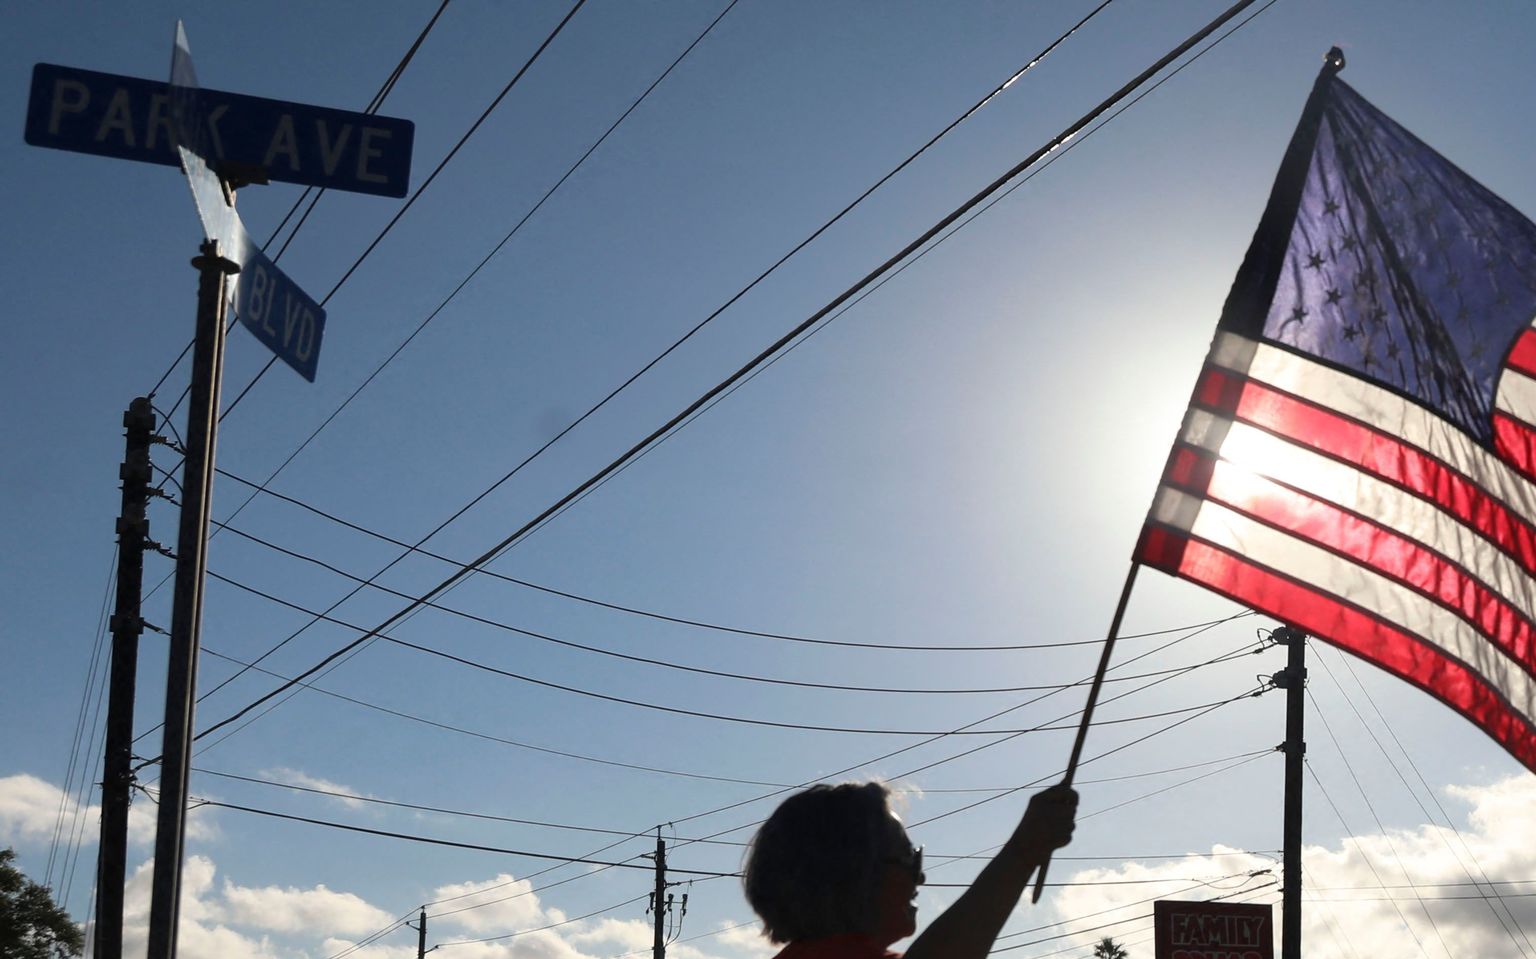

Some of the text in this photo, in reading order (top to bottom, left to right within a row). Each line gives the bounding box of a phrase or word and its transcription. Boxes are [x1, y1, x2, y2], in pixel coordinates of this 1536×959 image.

[262, 114, 393, 184] AVE
[248, 265, 315, 363] BLVD
[1171, 913, 1265, 947] FAMILY
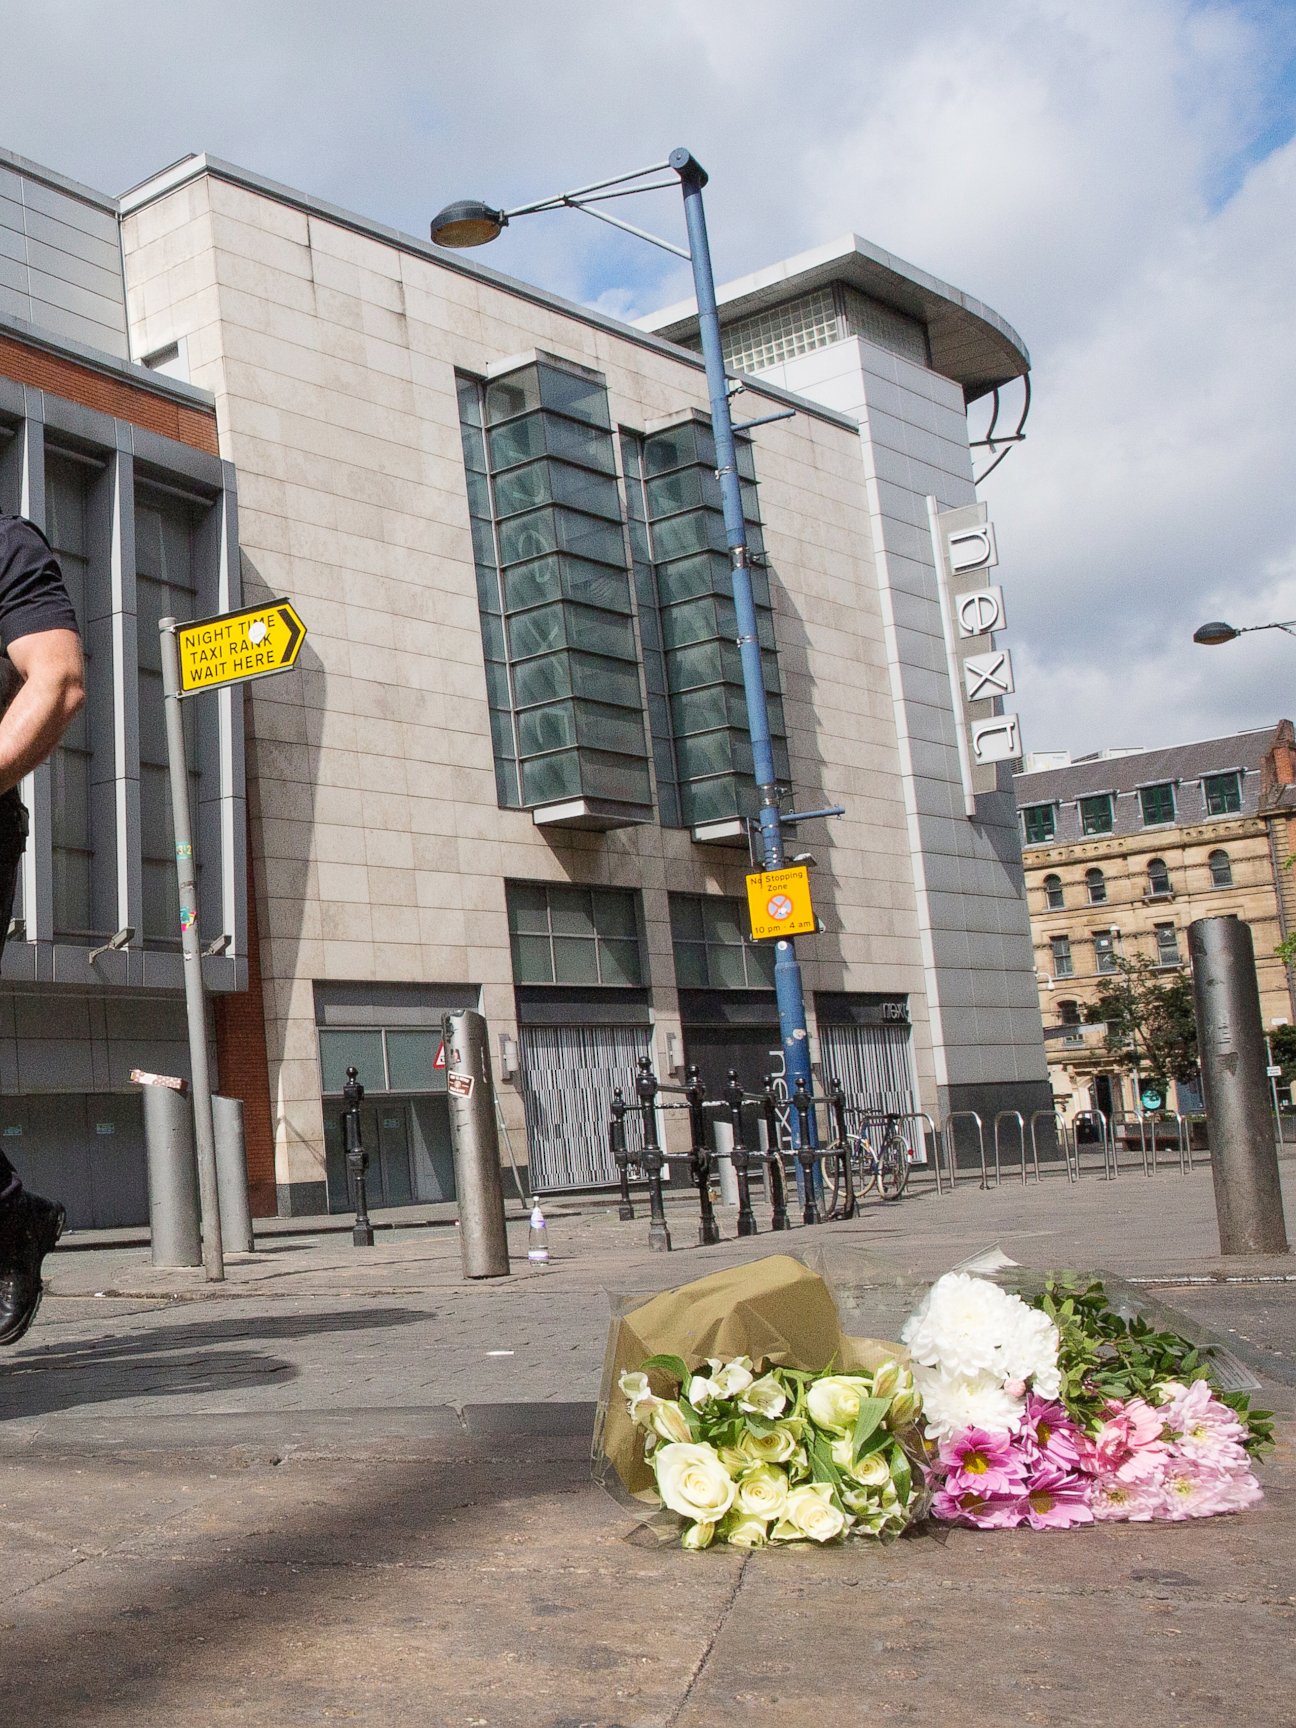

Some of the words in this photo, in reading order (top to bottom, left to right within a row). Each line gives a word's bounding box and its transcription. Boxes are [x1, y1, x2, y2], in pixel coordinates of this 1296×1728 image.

[185, 626, 233, 649] NIGHT
[950, 528, 1016, 756] next
[190, 646, 223, 664] TAXI
[190, 662, 227, 682] WAIT
[234, 650, 275, 672] HERE
[765, 872, 803, 883] Stopping
[767, 884, 788, 892] Zone
[755, 926, 765, 934] 10
[767, 925, 781, 933] pm
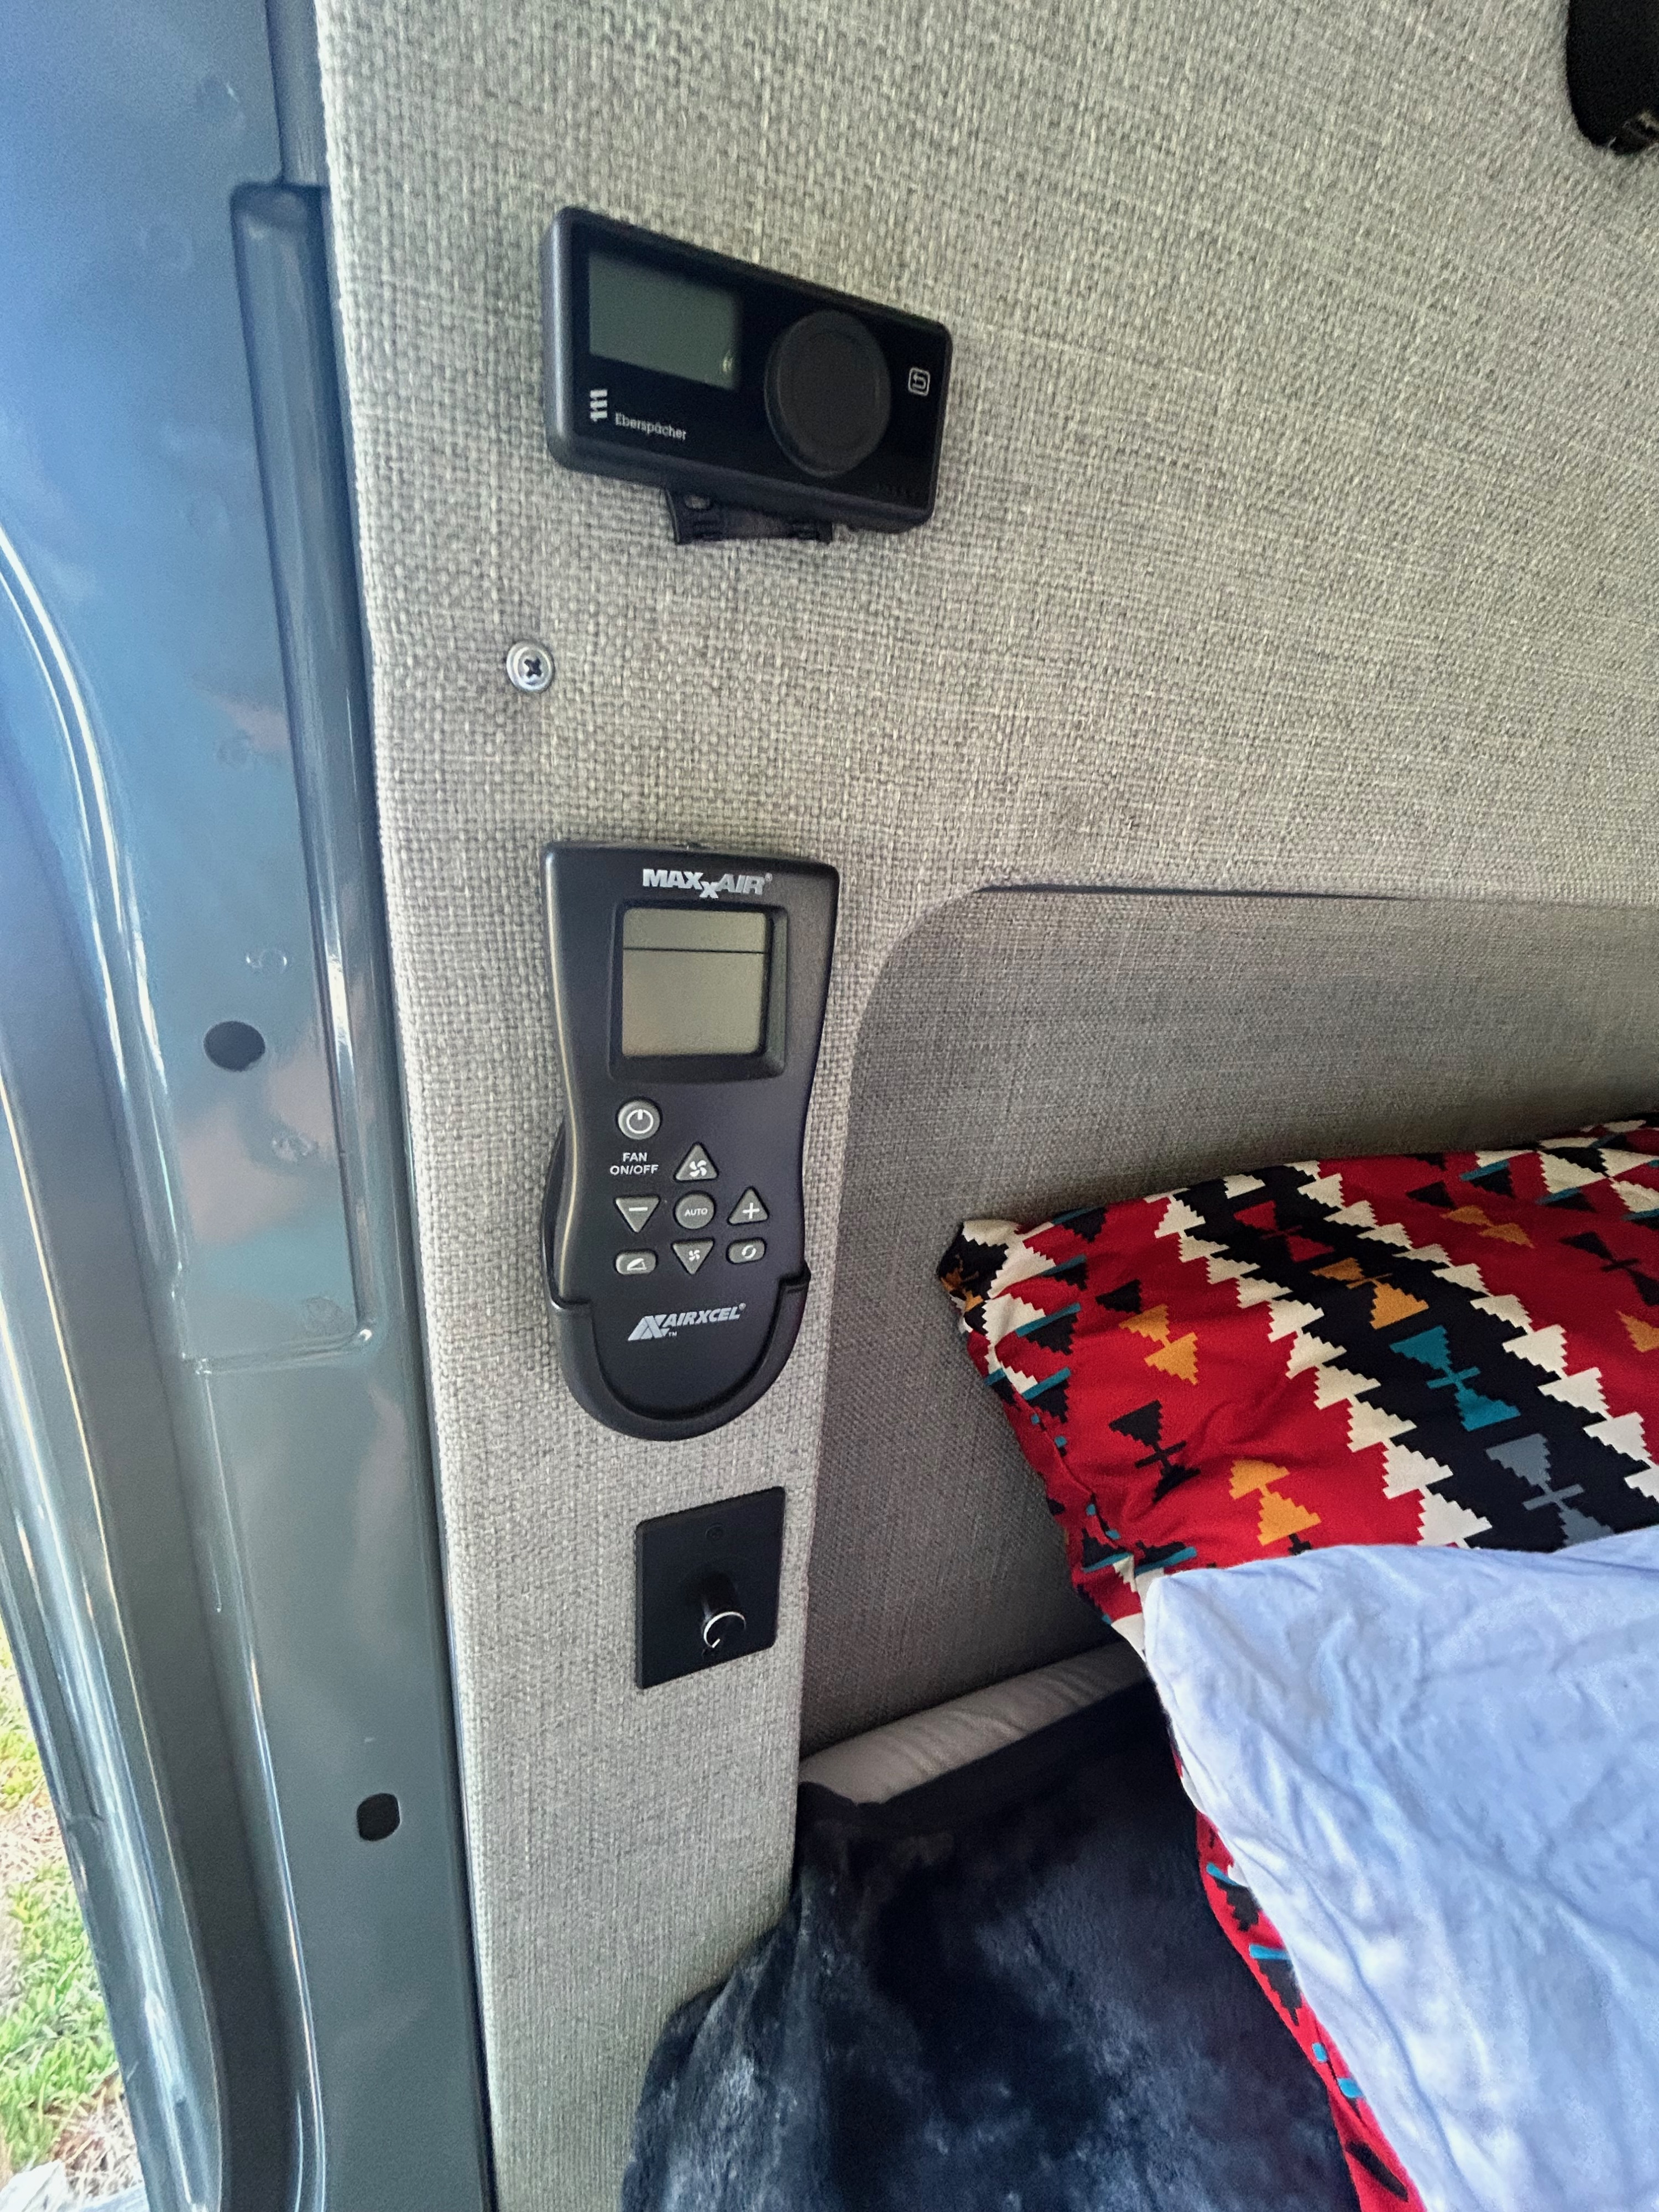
+++++
### PROMPT
Exactly as written above, print every line of the data but not its pictures.

### RESPONSE TO THE EXERCISE
Some of the text in this photo, in reading order (top to bottom, left to right within a row). Each line gives the bounding box of a phrase or word and its transcription. Boxes are [x1, y1, x2, y2], in pixel coordinates of this 1536×959 image.

[262, 114, 393, 184] AVE
[248, 265, 315, 363] BLVD
[1171, 913, 1265, 947] FAMILY

Some of the words in this photo, in reading order (top to bottom, left to right within a row). Each line gives a word's bounding box and its transcription. Boxes are [x1, y1, x2, y2], in pixel coordinates of this 1296×1728 image.

[185, 626, 233, 649] NIGHT
[950, 528, 1016, 756] next
[190, 646, 223, 664] TAXI
[190, 662, 227, 682] WAIT
[234, 650, 275, 672] HERE
[765, 872, 803, 883] Stopping
[767, 884, 788, 892] Zone
[755, 926, 765, 934] 10
[767, 925, 781, 933] pm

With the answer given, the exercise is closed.